Vulcan Energy will in Deutschland Lithium fördern, etwa für E-Auto-Batterien. Volkswagen hat schon bestellt. / Foto: imago images, Joker

  Nachhaltige Aktien

Vulcan Energy-Aktie: Ist klimafreundliches Lithium ein aussichtsreiches Investment?

Das australische Start-up Vulcan Energy Resources will in Deutschland emissionsfrei Lithium gewinnen, das etwa Elektroautobauer benötigen. Bestellungen hat das Unternehmen, dessen Aktie auch an deutschen Finanzplätzen handelbar ist, bereits einige erhalten – obwohl sich die Produktion noch immer in der Testphase befindet. Wie riskant ist der Einstieg in die Aktie? Und was macht Vulcan Energy eigentlich genau?

Lithium steckt in Smartphones, Laptops und kabellosen Kopfhörern, vor allem aber ist es ein aktuell noch unverzichtbarer Teil von Elektrofahrzeug-Akkus. Bislang wird das Metall unter wenig umwelt- und klimafreundlichen Bedingungen gewonnen. Üblich sind vor allem zwei Methoden: durch die Verdunstung von Salzlauge, vornehmlich in Südamerika, und durch Bergbau, etwa in Australien.

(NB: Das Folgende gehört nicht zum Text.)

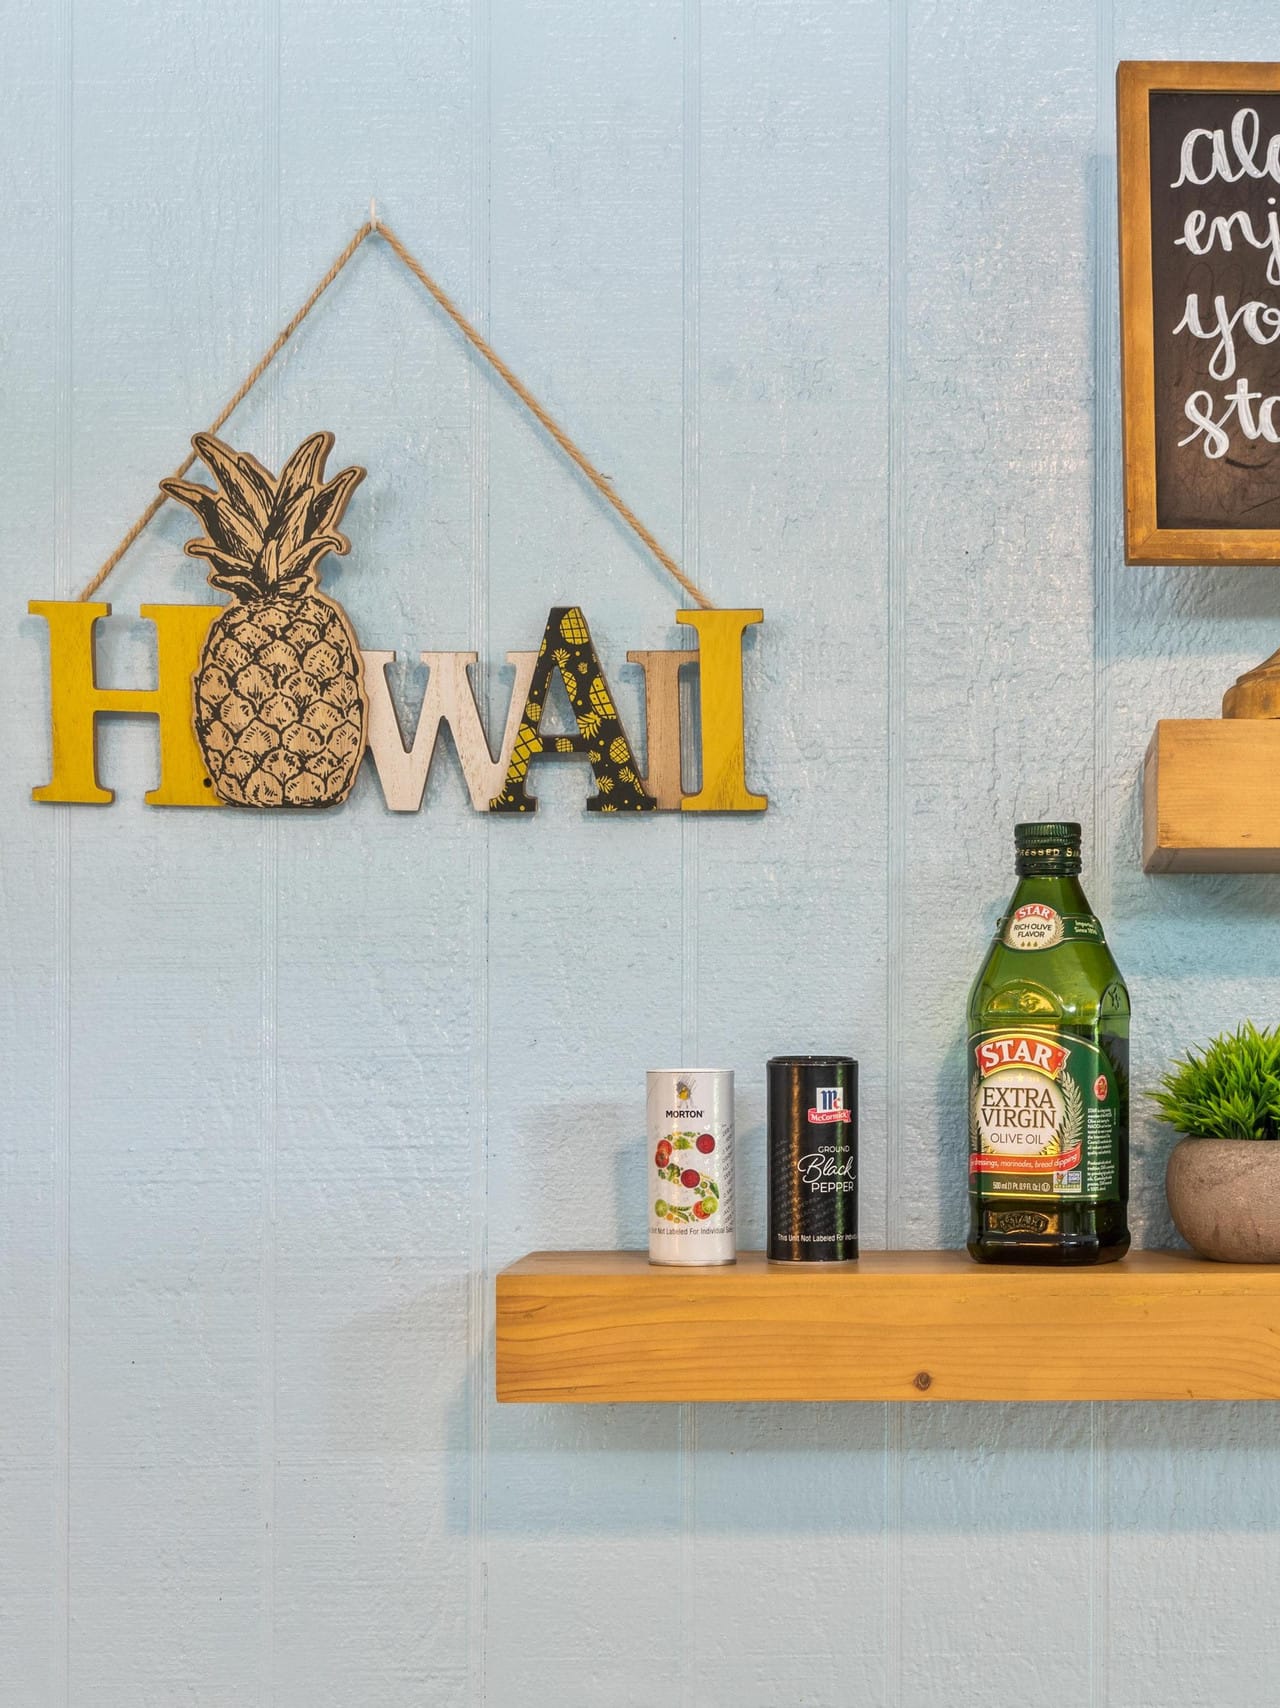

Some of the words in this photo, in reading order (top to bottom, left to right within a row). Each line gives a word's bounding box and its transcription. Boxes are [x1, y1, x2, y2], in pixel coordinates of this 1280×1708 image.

[1019, 905, 1050, 919] STAR
[1014, 923, 1030, 931] RICH
[1030, 923, 1053, 931] OLIVE
[981, 1039, 1052, 1072] STAR
[982, 1086, 1056, 1109] EXTRA
[665, 1110, 703, 1118] MORTON
[810, 1111, 847, 1121] McCormick
[981, 1107, 1057, 1129] VIRGIN
[990, 1132, 1023, 1144] OLIVE
[1025, 1133, 1044, 1145] OIL
[817, 1145, 850, 1153] GROUND
[797, 1153, 857, 1183] Black
[811, 1181, 854, 1193] PEPPER
[689, 1227, 699, 1235] For
[800, 1234, 811, 1242] Not
[812, 1233, 836, 1241] Labeled
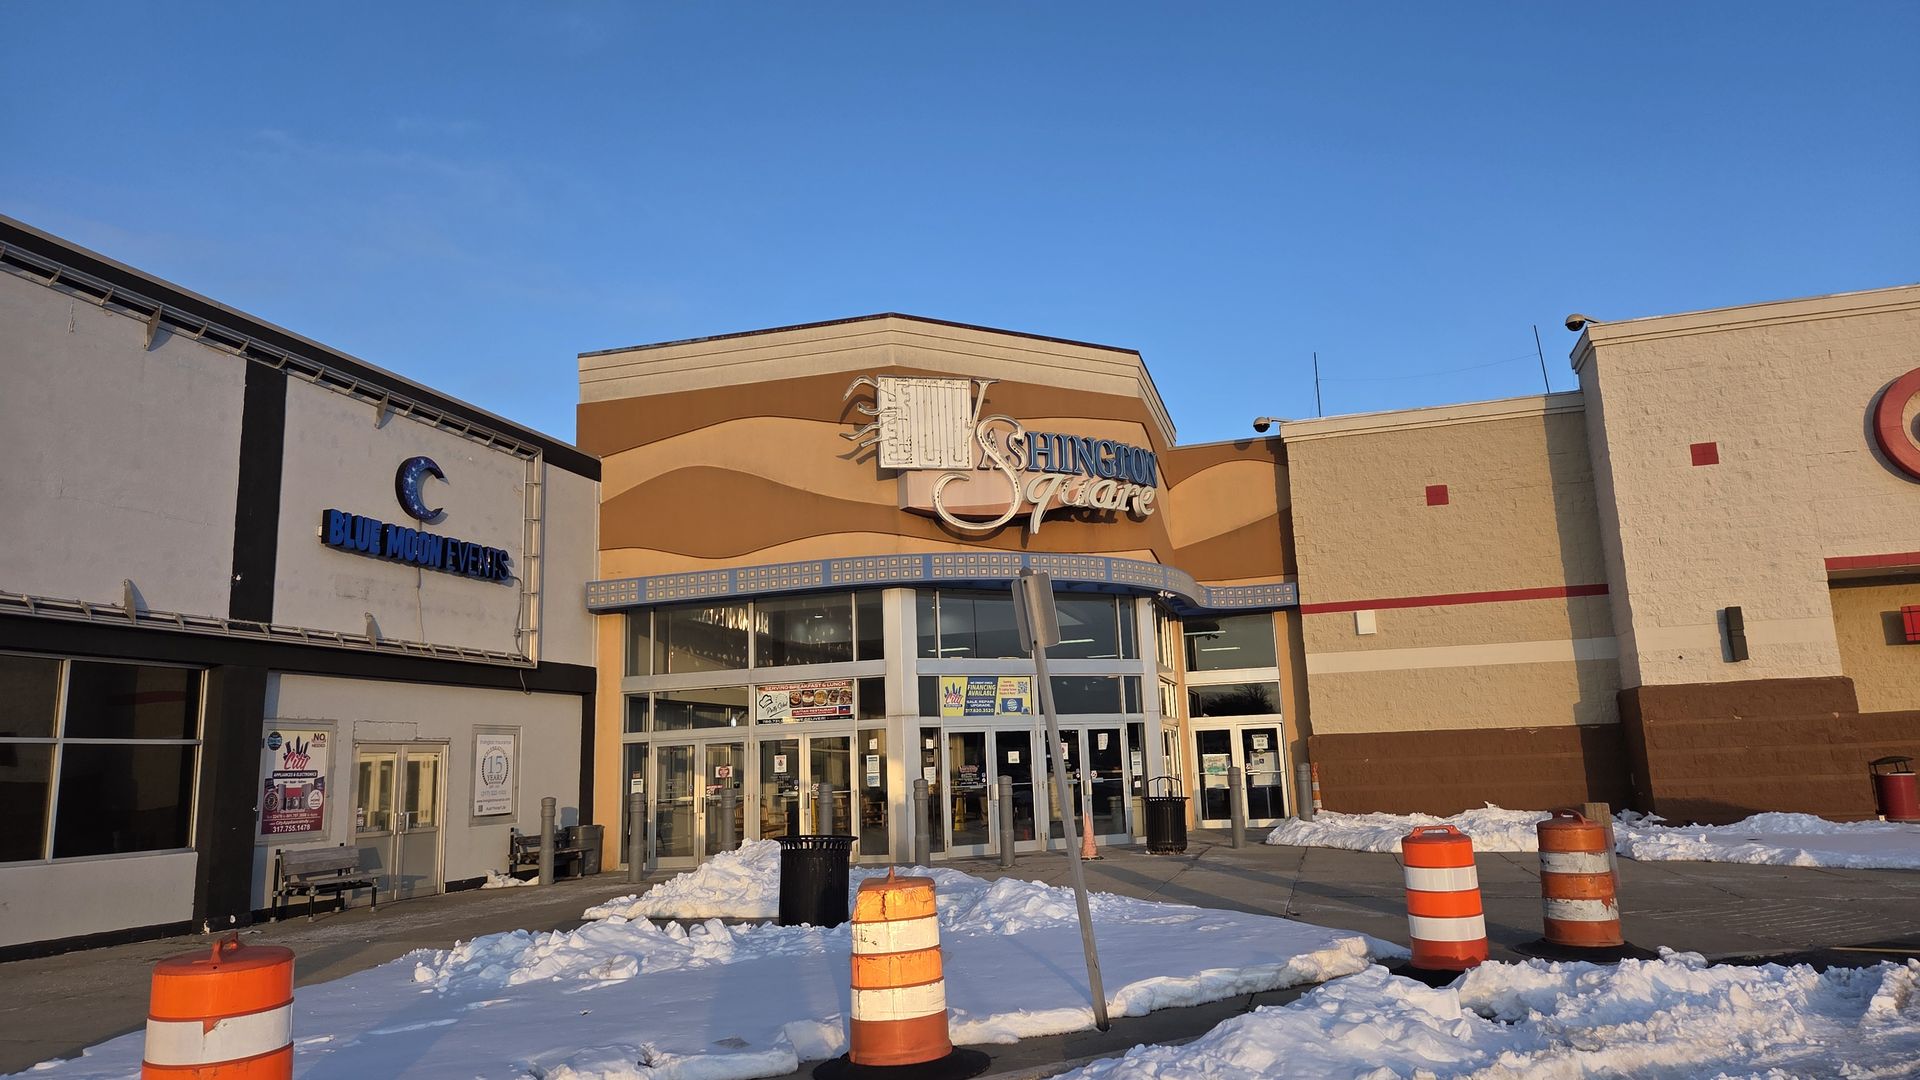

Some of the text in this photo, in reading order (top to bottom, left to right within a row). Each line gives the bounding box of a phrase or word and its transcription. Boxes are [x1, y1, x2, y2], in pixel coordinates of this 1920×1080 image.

[932, 415, 1156, 534] Square
[326, 509, 511, 580] BLUE MOON EVENTS
[789, 682, 821, 690] BREAKFAST
[313, 733, 326, 741] NO
[284, 751, 310, 771] City
[487, 755, 503, 774] 15
[486, 774, 503, 782] YEARS
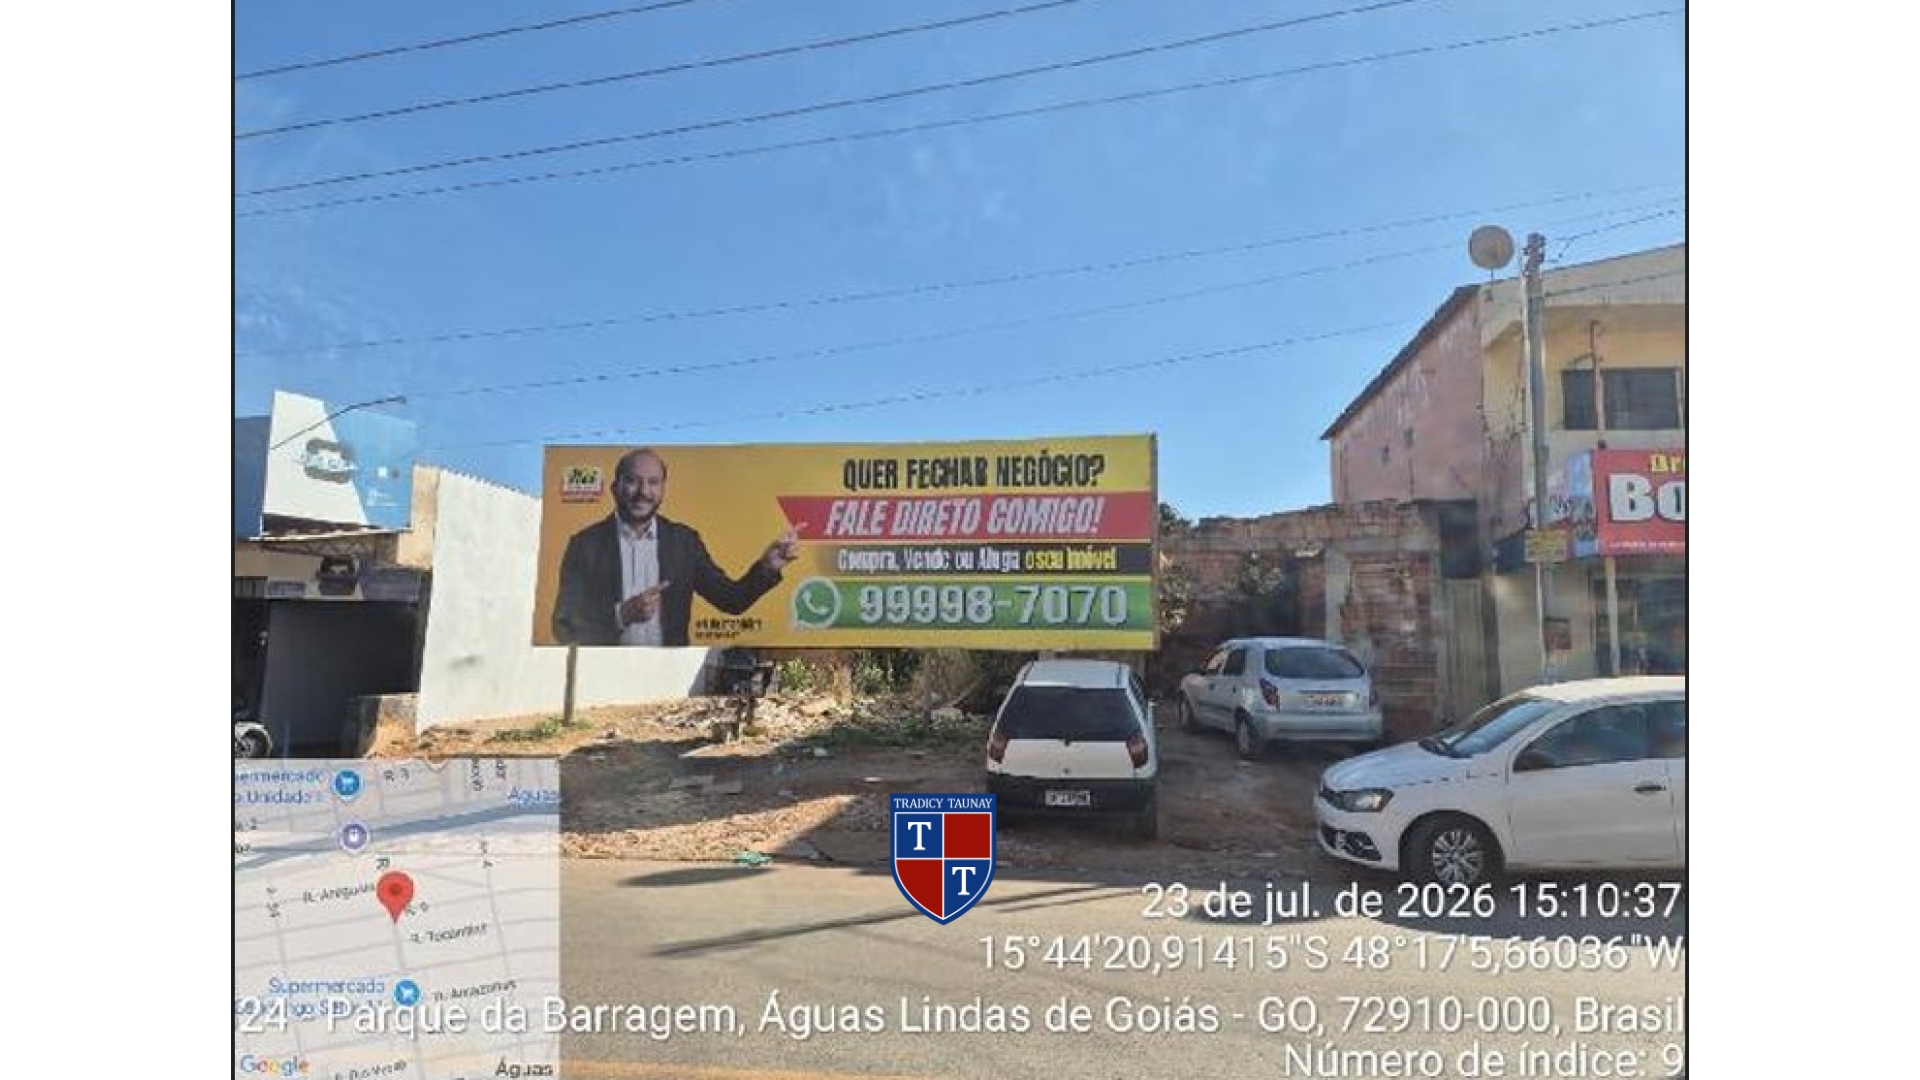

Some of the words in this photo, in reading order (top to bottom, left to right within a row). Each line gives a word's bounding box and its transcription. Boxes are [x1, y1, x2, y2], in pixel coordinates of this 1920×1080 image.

[843, 459, 899, 491] QUER
[906, 457, 988, 489] FECHAR
[996, 450, 1106, 487] NEGÓCIO?
[823, 501, 887, 536] FALE
[891, 498, 982, 536] DIRETO
[986, 496, 1106, 535] COMIGO!
[977, 547, 1021, 573] Aluga
[859, 583, 1129, 625] 99998-7070
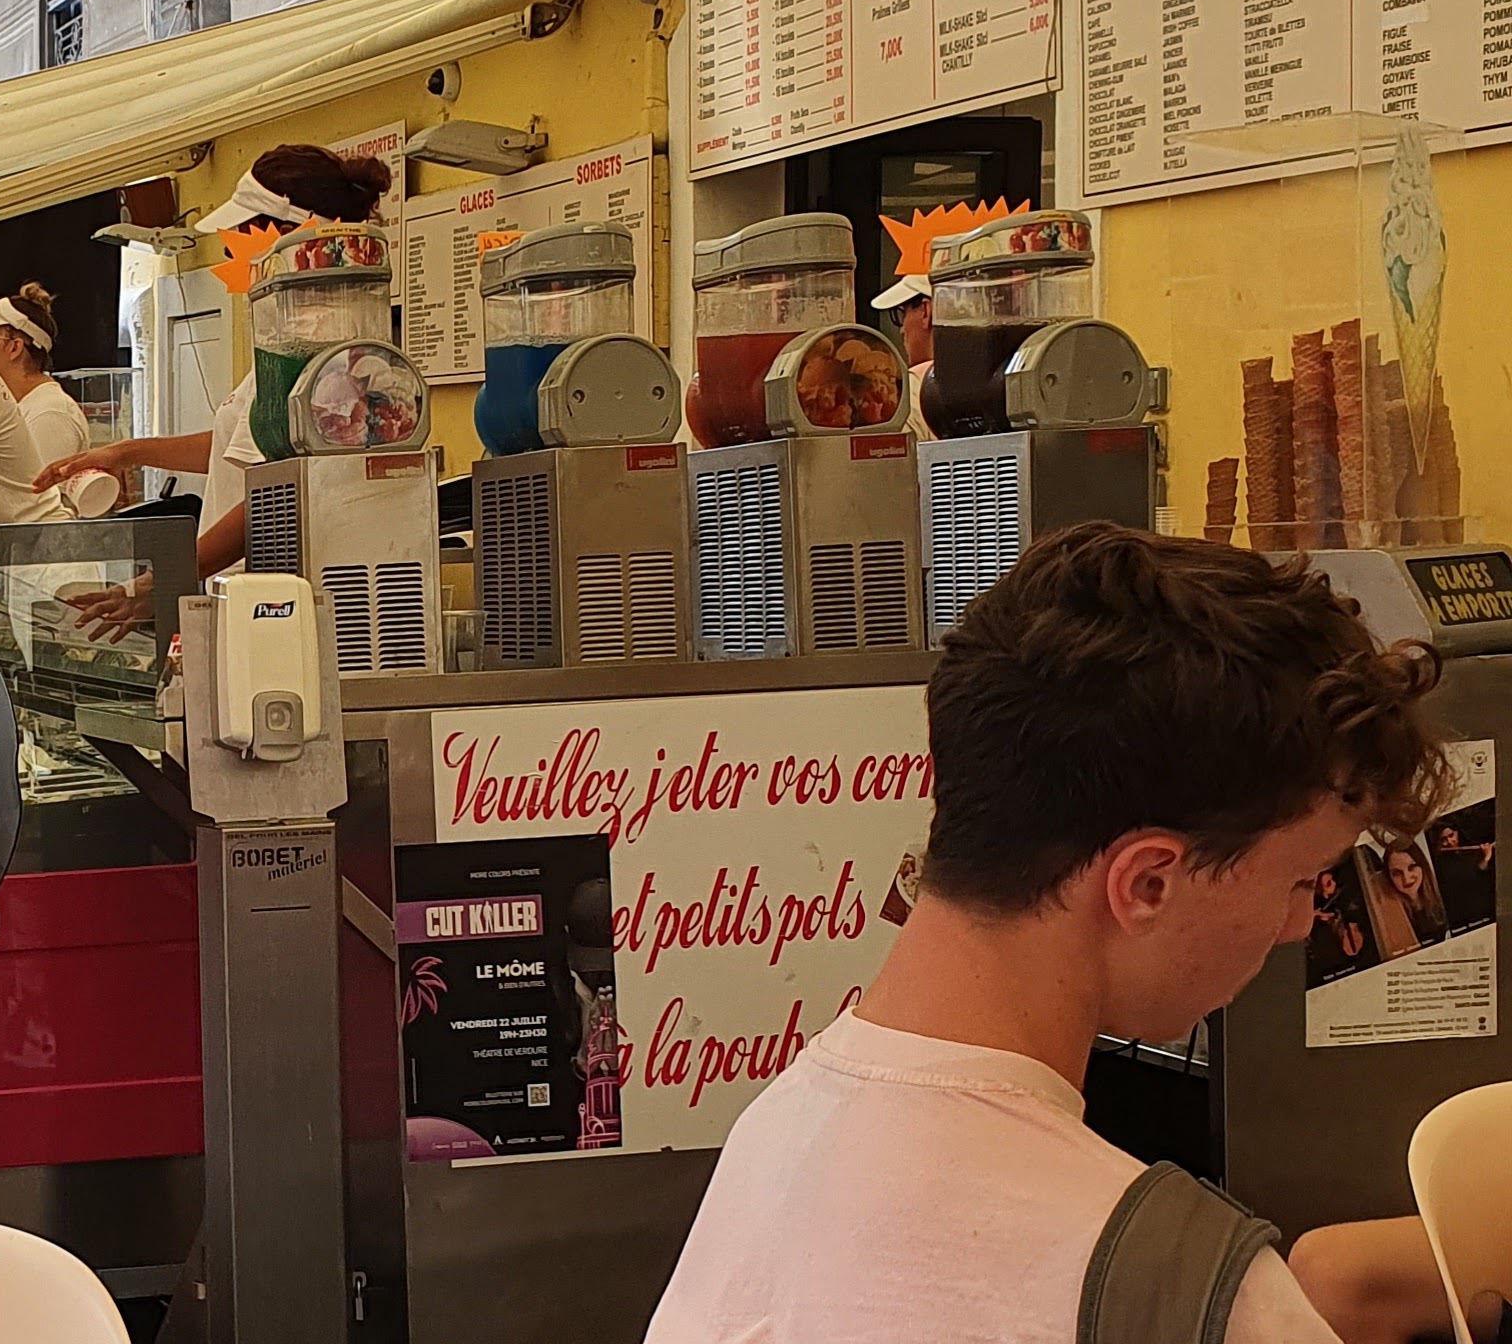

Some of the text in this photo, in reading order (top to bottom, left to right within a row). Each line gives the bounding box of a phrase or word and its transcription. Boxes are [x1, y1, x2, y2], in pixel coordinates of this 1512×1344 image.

Im sogenannten Lithium-Dreieck der Länder Bolivien, Chile und Argentinien liegt in einer Wüstenlandschaft unter ausgetrockneten Salzseen mehr als die Hälfte der weltweiten Lithiumvorräte. Um Lithium aus der Sole, also dem salzhaltigen Thermalwasser unter der Oberfläche, zu gewinnen, wird dieses in große Becken gepumpt, wo es in der Wüstensonne verdunstet. Von den Rückständen wird dann das sogenannte Lithiumchlorid getrennt.

Wenig umweltfreundliche Förderung

Das Problem: Entnimmt man zu viel der Sole, sinkt in einer der trockensten Regionen der Welt der Grundwasserspiegel. Zudem ist das Lithiumchlorid nur ein Zwischenprodukt – um es zum für die Batterien benötigten hochreinen Lithiumhydroxid weiterzuverarbeiten, wird der Rohstoff nach China verschifft.

In Australien wiederum verschwinden durch den Abbau von Lithiumerz ganze Berge. Und auch hier wird das lithiumhaltige Gestein weiter nach China transportiert, wo es zur Hydroxid-Herstellung zerkleinert und hoch erhitzt wird. Die Energie für den Vorgang liefern in der Regel fossile Brennstoffe.

Im Bergbau fallen so für eine Tonne Lithium 15 Tonnen CO2 an, im Verdunstungsverfahren sind es fünf Tonnen. Auf diese Zahlen kommt die britische Beratungsgesellschaft Minviro in einer Untersuchung, die die Treibhausgasproduktion aller Lebensphasen eines Produkts oder Rohstoffs misst.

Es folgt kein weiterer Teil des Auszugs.